● **Task goal**
Retype the entries below word for word, leaving out every picture.

Records from a collection
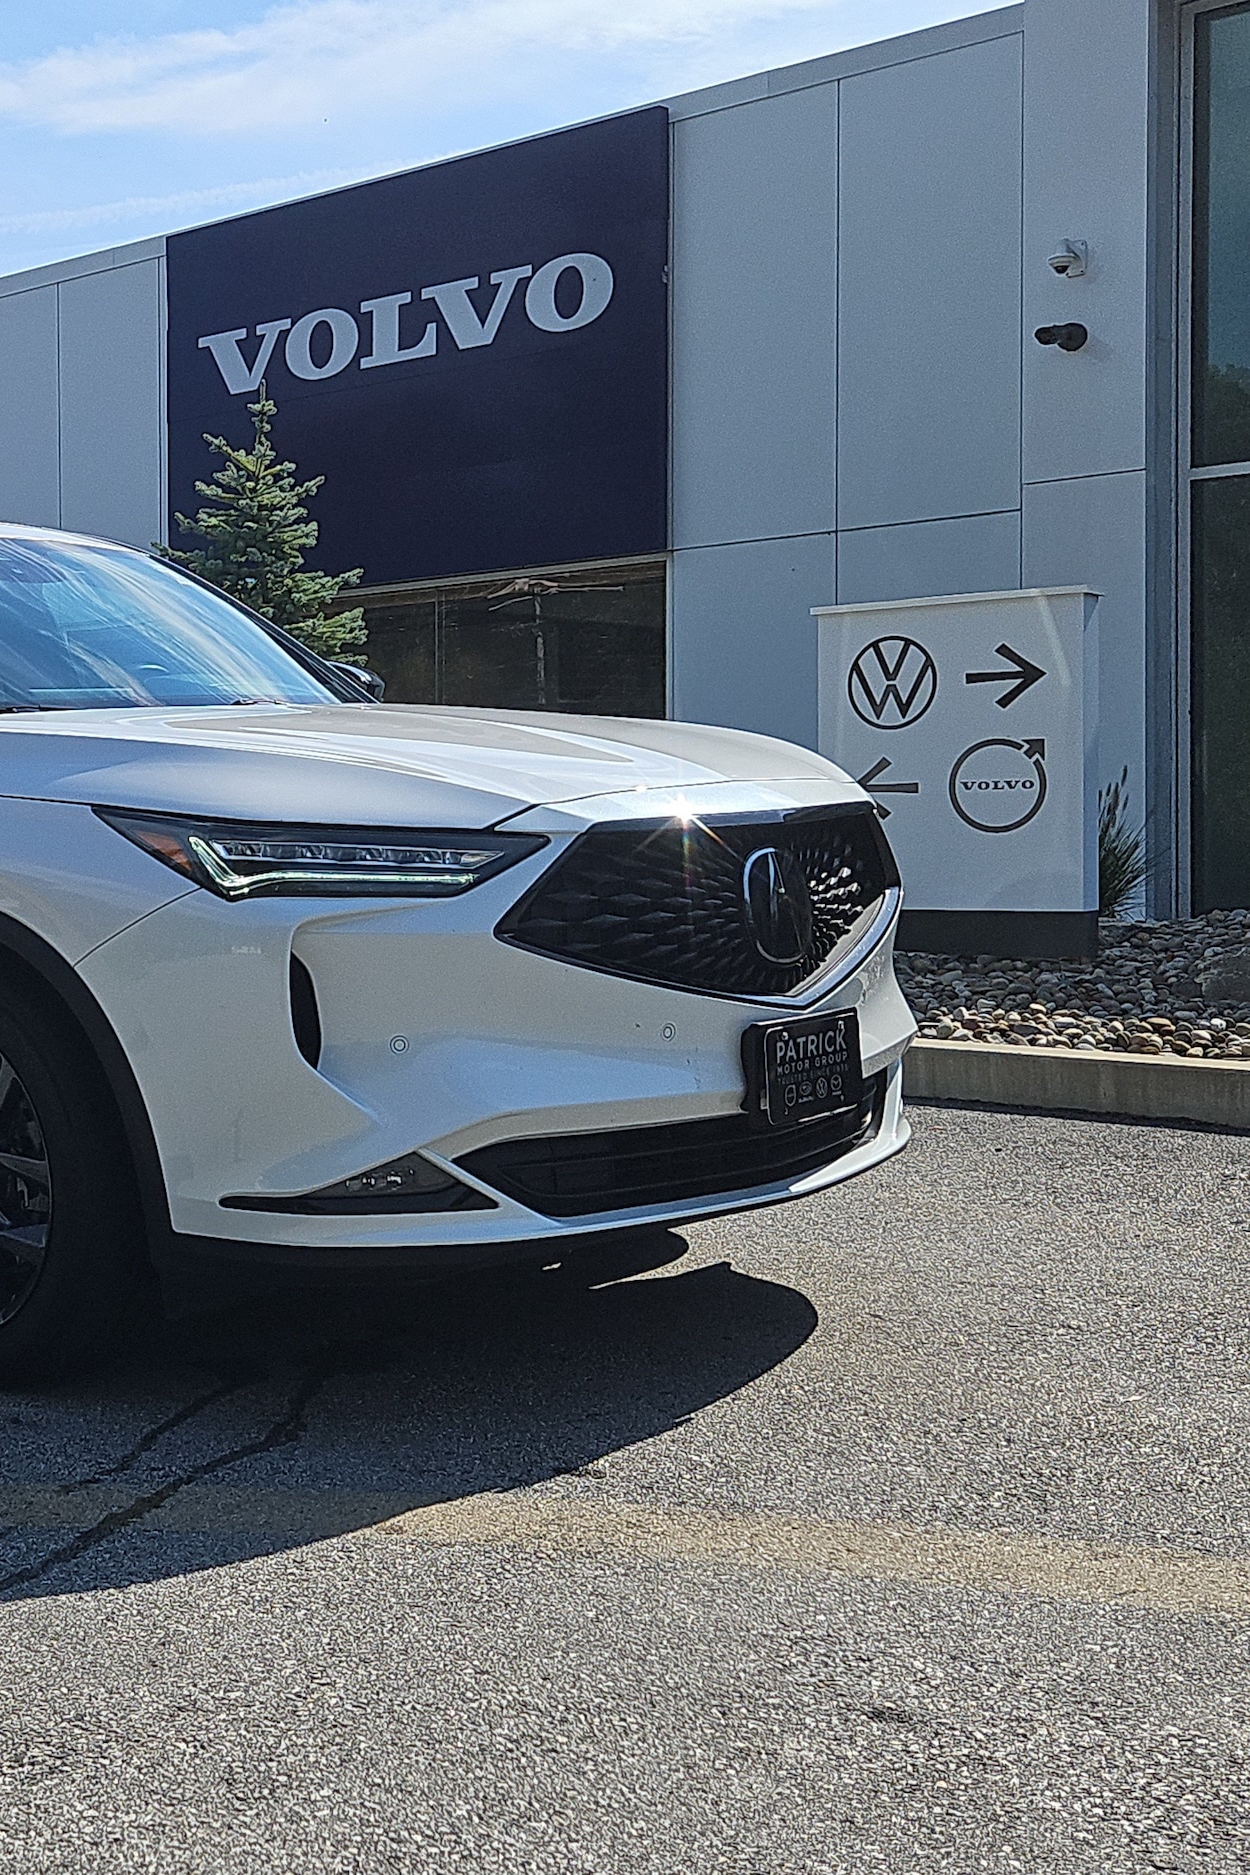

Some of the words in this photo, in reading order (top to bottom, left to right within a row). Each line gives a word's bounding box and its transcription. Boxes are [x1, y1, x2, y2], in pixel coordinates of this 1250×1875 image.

[197, 252, 615, 395] VOLVO
[960, 778, 1035, 791] VOLVO
[776, 1028, 847, 1064] PATRICK
[777, 1059, 810, 1076] MOTOR
[814, 1051, 848, 1067] GROUP
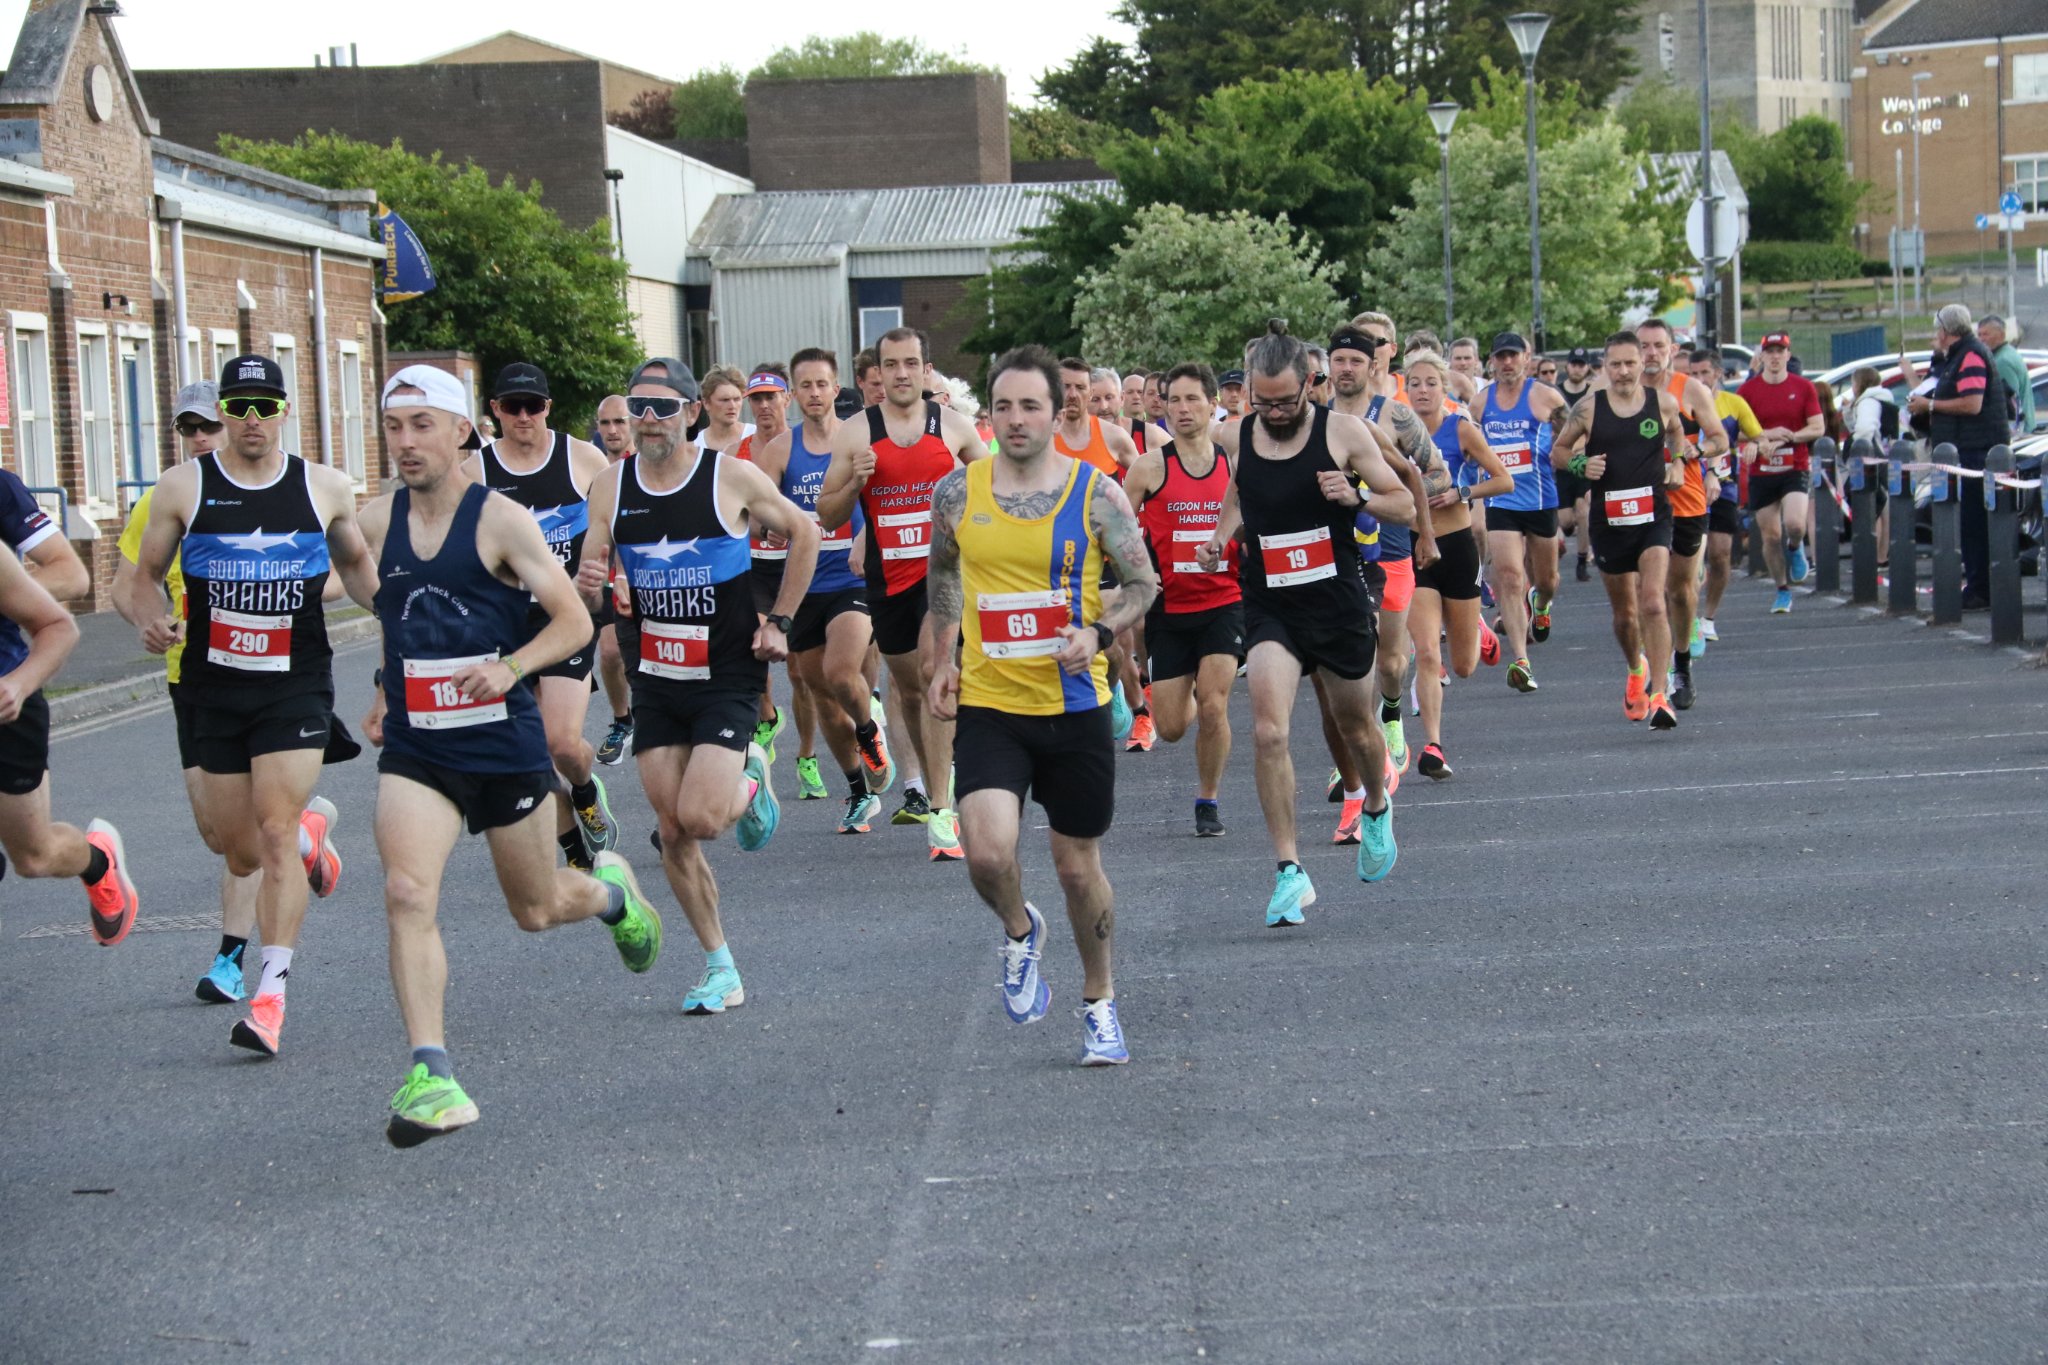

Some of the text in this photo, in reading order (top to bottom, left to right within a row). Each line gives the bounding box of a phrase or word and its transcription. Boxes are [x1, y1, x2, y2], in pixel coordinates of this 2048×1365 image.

[1881, 91, 1969, 114] Weymoh
[383, 222, 398, 288] PURBECK
[1368, 406, 1378, 421] oar
[1500, 452, 1520, 465] 263
[801, 471, 824, 483] CITY
[792, 484, 824, 495] SALIS
[871, 481, 937, 495] EGDON HEA
[803, 495, 811, 504] A
[880, 494, 934, 508] HARRIER
[1167, 501, 1222, 512] EGDON HEA
[1621, 500, 1638, 515] 59
[1178, 514, 1219, 524] HARRIER
[897, 526, 923, 545] 107
[1285, 548, 1309, 569] 19
[208, 560, 306, 580] SOUTH COAST
[633, 565, 713, 588] SOUTH COAST
[208, 580, 304, 611] SHARKS
[401, 584, 469, 621] Twemlow Track Club
[637, 586, 716, 618] SHARKS
[1007, 612, 1038, 638] 69
[229, 629, 269, 654] 290
[655, 639, 686, 663] 140

● **Result of this task**
Some of the words in this photo, in reading order (top to bottom, left to right within a row). Each line gives a word's bounding box and its transcription. Boxes are [x1, y1, x2, y2], in pixel coordinates of this 1250×1875 image.

[197, 252, 615, 395] VOLVO
[960, 778, 1035, 791] VOLVO
[776, 1028, 847, 1064] PATRICK
[777, 1059, 810, 1076] MOTOR
[814, 1051, 848, 1067] GROUP

Some of the text in this photo, in reading order (top to bottom, left to right within a row). Each line gives the bounding box of a phrase or word and its transcription. Boxes are [x1, y1, x2, y2], in pixel coordinates of this 2048×1365 image.

[1881, 91, 1969, 114] Weymoh
[383, 222, 398, 288] PURBECK
[1368, 406, 1378, 421] oar
[1500, 452, 1520, 465] 263
[801, 471, 824, 483] CITY
[792, 484, 824, 495] SALIS
[871, 481, 937, 495] EGDON HEA
[803, 495, 811, 504] A
[880, 494, 934, 508] HARRIER
[1167, 501, 1222, 512] EGDON HEA
[1621, 500, 1638, 515] 59
[1178, 514, 1219, 524] HARRIER
[897, 526, 923, 545] 107
[1285, 548, 1309, 569] 19
[208, 560, 306, 580] SOUTH COAST
[633, 565, 713, 588] SOUTH COAST
[208, 580, 304, 611] SHARKS
[401, 584, 469, 621] Twemlow Track Club
[637, 586, 716, 618] SHARKS
[1007, 612, 1038, 638] 69
[229, 629, 269, 654] 290
[655, 639, 686, 663] 140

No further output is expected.